= WORK TO COMPLETE =
Begin at the line that has "this 1344×1512 image.", stop after the line that has "this 1600×1066 image.", and print exactly those lines from the records below, without any pictures.

= WORKING DATA =
+ + +

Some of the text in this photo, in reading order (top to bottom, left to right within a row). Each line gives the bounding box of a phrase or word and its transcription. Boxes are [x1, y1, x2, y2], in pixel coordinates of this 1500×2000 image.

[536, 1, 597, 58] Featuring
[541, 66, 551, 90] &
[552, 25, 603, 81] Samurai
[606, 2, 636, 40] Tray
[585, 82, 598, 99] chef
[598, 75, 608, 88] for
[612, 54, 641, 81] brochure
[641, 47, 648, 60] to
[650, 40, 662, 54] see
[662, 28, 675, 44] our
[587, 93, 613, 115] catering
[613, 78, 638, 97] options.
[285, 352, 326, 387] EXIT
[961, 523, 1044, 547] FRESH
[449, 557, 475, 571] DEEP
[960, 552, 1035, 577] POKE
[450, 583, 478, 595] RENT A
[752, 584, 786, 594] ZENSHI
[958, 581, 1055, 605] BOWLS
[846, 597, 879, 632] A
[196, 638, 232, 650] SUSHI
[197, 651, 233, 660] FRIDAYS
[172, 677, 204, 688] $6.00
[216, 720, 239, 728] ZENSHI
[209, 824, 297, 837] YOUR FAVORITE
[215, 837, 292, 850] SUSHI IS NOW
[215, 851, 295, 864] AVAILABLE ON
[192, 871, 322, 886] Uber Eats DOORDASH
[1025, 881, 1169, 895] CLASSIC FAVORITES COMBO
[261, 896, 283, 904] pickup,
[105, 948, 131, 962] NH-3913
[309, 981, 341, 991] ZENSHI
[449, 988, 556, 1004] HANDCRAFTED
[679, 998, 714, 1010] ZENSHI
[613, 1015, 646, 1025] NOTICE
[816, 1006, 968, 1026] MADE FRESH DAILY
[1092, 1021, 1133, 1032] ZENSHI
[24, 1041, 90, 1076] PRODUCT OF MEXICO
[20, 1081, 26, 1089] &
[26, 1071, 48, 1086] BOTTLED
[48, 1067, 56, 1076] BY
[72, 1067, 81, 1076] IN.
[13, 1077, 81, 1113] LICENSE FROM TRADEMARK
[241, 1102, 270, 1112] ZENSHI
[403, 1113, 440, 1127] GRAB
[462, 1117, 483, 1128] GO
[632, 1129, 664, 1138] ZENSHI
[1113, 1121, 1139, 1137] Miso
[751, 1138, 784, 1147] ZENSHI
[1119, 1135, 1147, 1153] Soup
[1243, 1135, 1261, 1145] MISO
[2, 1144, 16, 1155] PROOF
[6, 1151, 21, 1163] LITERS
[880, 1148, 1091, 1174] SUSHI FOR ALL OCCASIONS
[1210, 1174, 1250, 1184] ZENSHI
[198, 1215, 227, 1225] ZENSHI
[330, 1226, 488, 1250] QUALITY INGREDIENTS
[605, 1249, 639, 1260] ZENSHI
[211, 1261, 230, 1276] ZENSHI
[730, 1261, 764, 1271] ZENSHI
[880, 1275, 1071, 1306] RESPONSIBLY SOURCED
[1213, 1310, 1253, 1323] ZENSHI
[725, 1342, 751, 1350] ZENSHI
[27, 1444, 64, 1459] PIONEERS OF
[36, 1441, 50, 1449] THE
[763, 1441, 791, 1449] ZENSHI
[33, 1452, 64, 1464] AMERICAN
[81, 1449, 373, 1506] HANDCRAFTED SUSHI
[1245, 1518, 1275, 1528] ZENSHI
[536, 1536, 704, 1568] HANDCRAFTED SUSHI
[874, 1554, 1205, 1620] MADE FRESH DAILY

+ + +

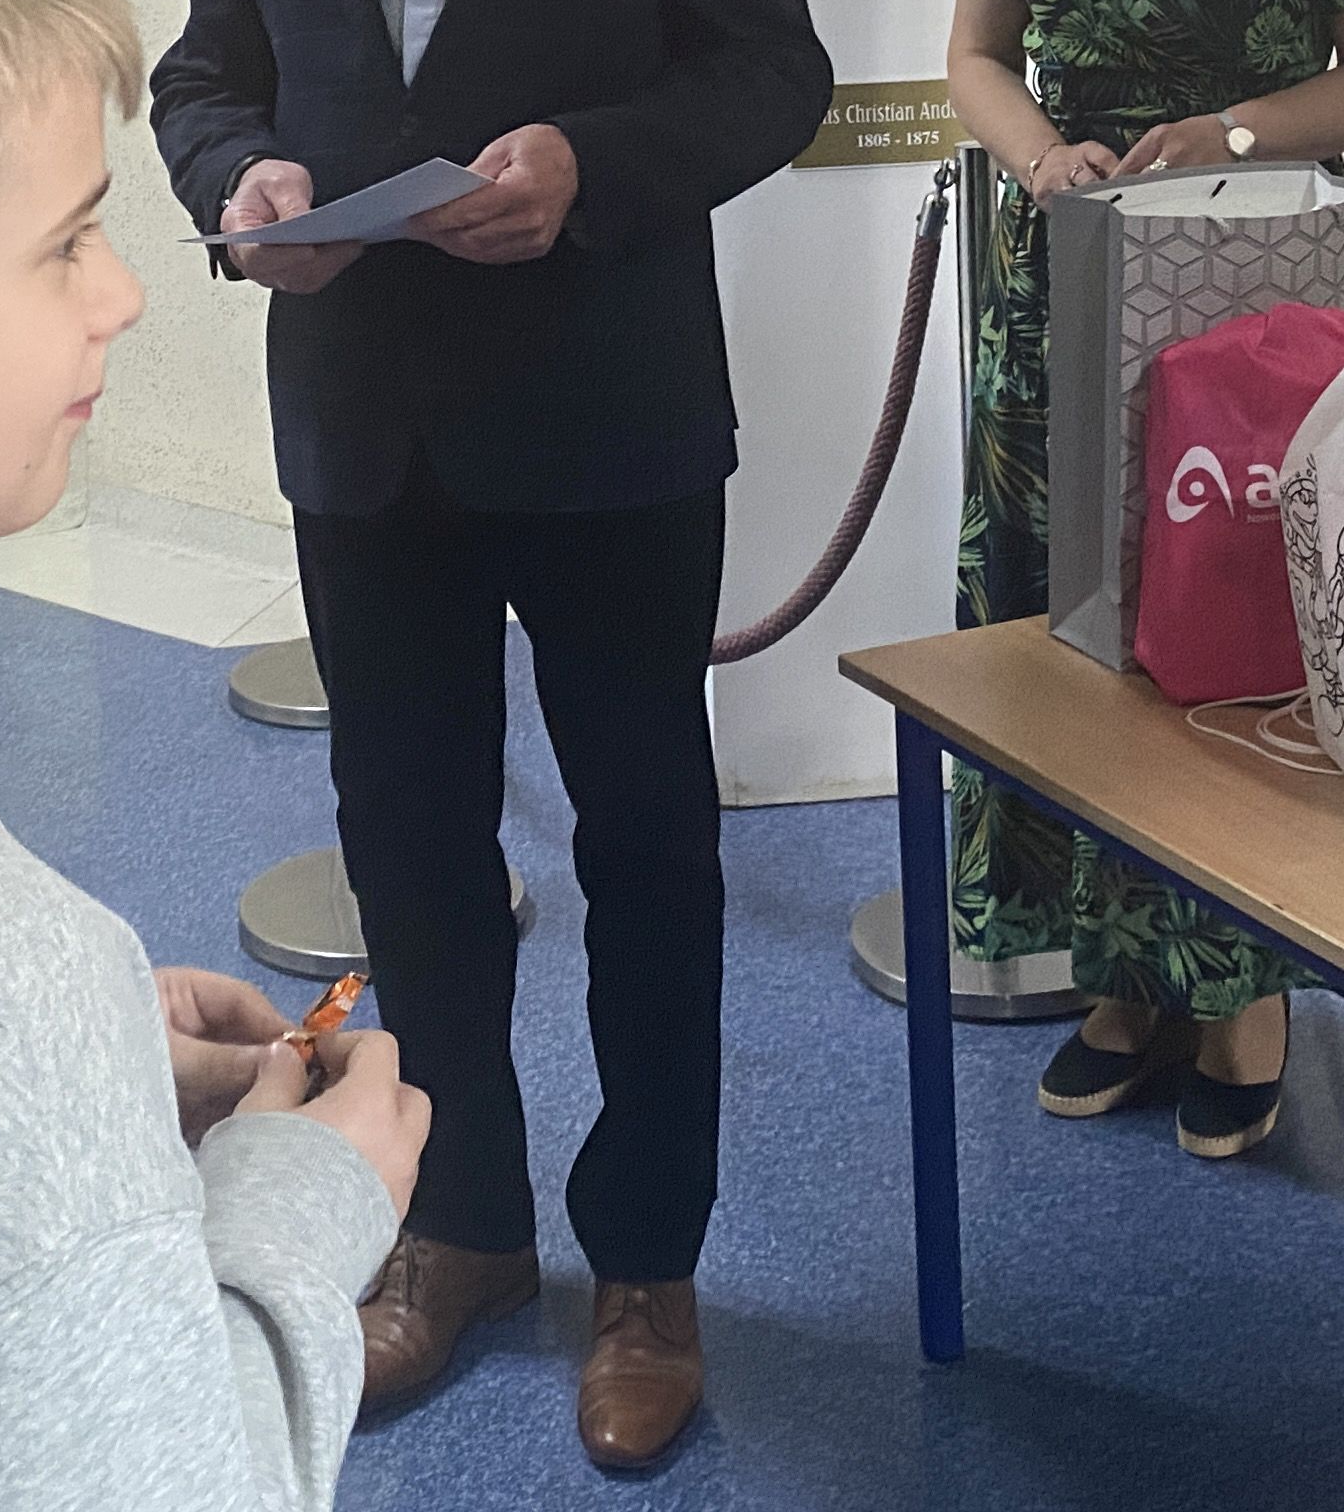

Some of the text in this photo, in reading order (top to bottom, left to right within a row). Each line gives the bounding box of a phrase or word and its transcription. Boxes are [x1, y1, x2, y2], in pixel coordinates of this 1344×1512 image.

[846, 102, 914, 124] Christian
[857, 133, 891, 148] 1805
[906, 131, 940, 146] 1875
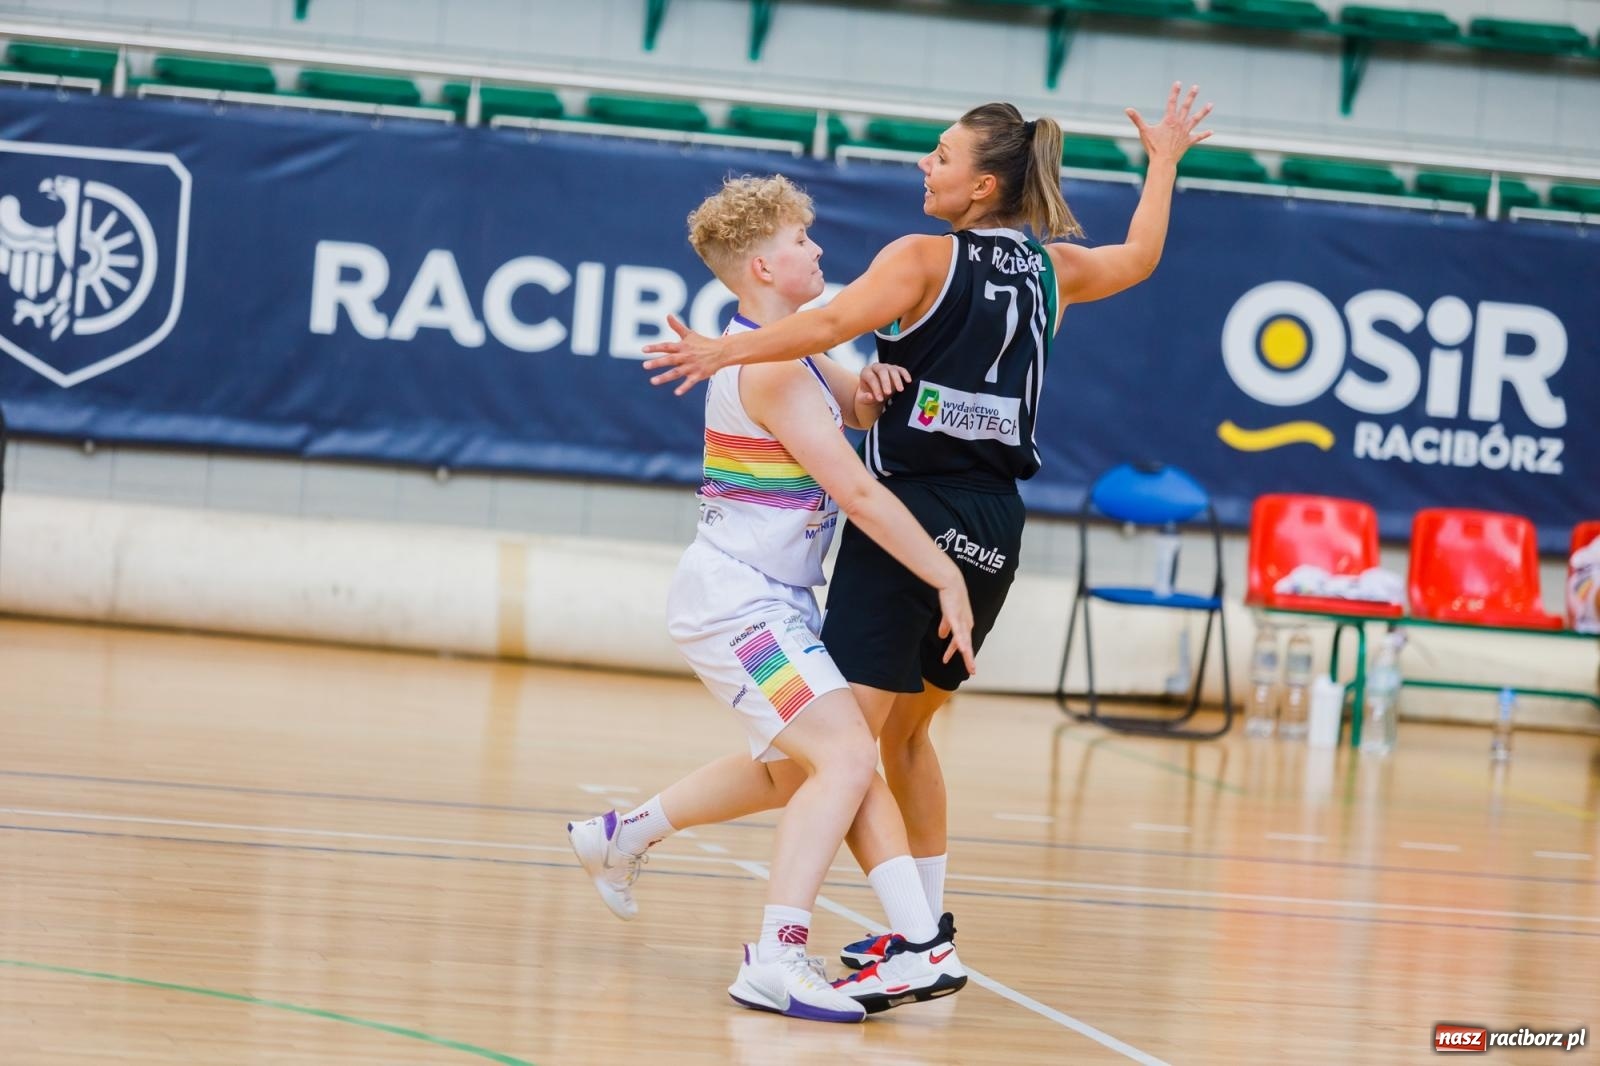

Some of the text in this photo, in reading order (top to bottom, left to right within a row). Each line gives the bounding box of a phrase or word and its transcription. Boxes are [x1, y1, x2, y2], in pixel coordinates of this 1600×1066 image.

+ + +

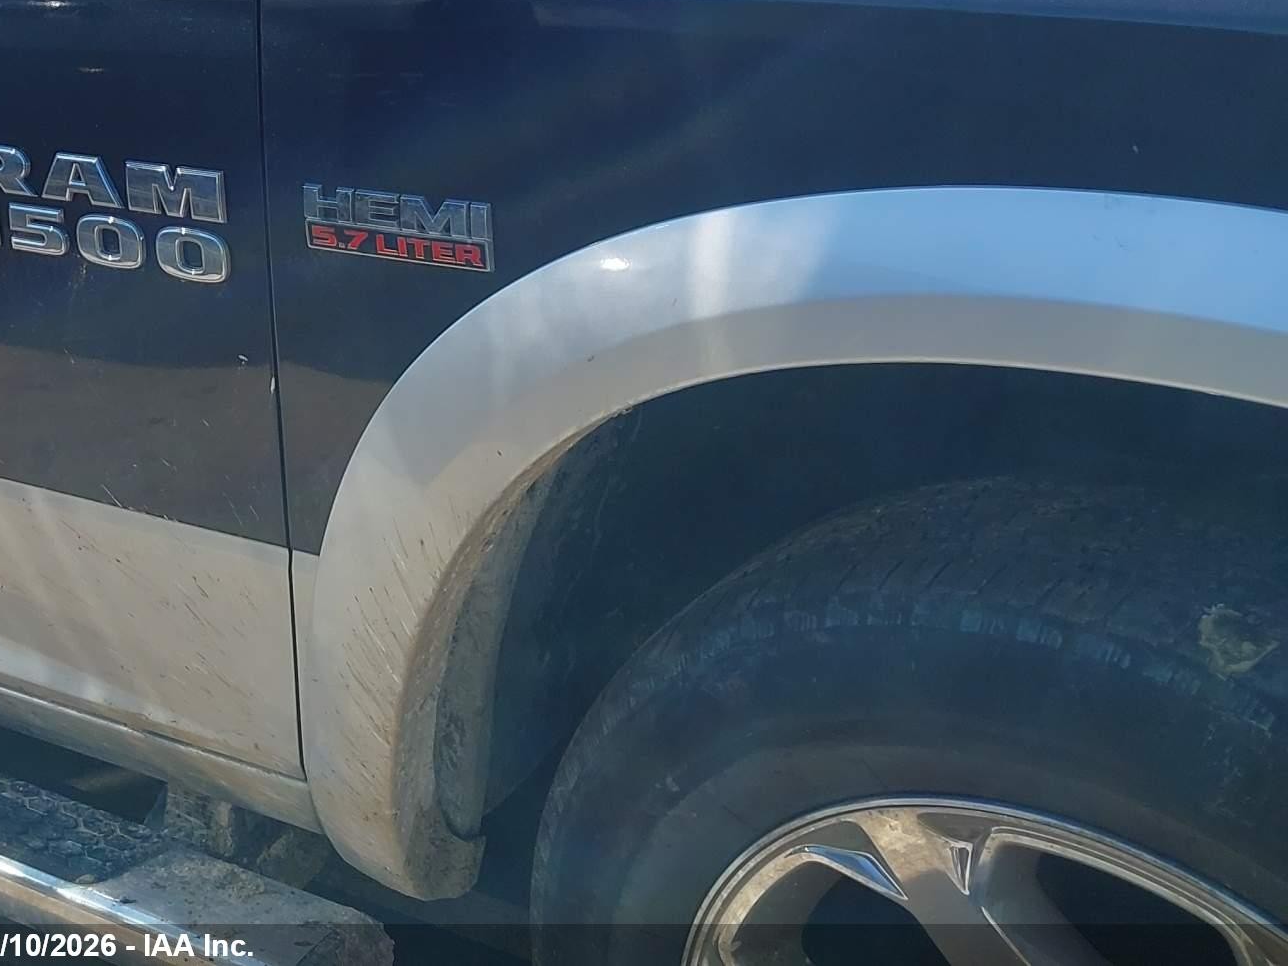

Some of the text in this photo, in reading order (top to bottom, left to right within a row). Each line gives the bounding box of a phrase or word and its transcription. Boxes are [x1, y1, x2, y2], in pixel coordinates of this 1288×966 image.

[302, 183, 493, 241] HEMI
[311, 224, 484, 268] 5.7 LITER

+ + +

= REPLY TO THE TASK =
Some of the text in this photo, in reading order (top to bottom, left to right within a row). Each line gives the bounding box of a phrase or word and its transcription. Boxes are [x1, y1, x2, y2], in pixel coordinates of this 1344×1512 image.

[846, 102, 914, 124] Christian
[857, 133, 891, 148] 1805
[906, 131, 940, 146] 1875

Some of the text in this photo, in reading order (top to bottom, left to right within a row). Each line gives the bounding box of a phrase or word and its transcription. Boxes are [x1, y1, x2, y2], in pixel coordinates of this 1600×1066 image.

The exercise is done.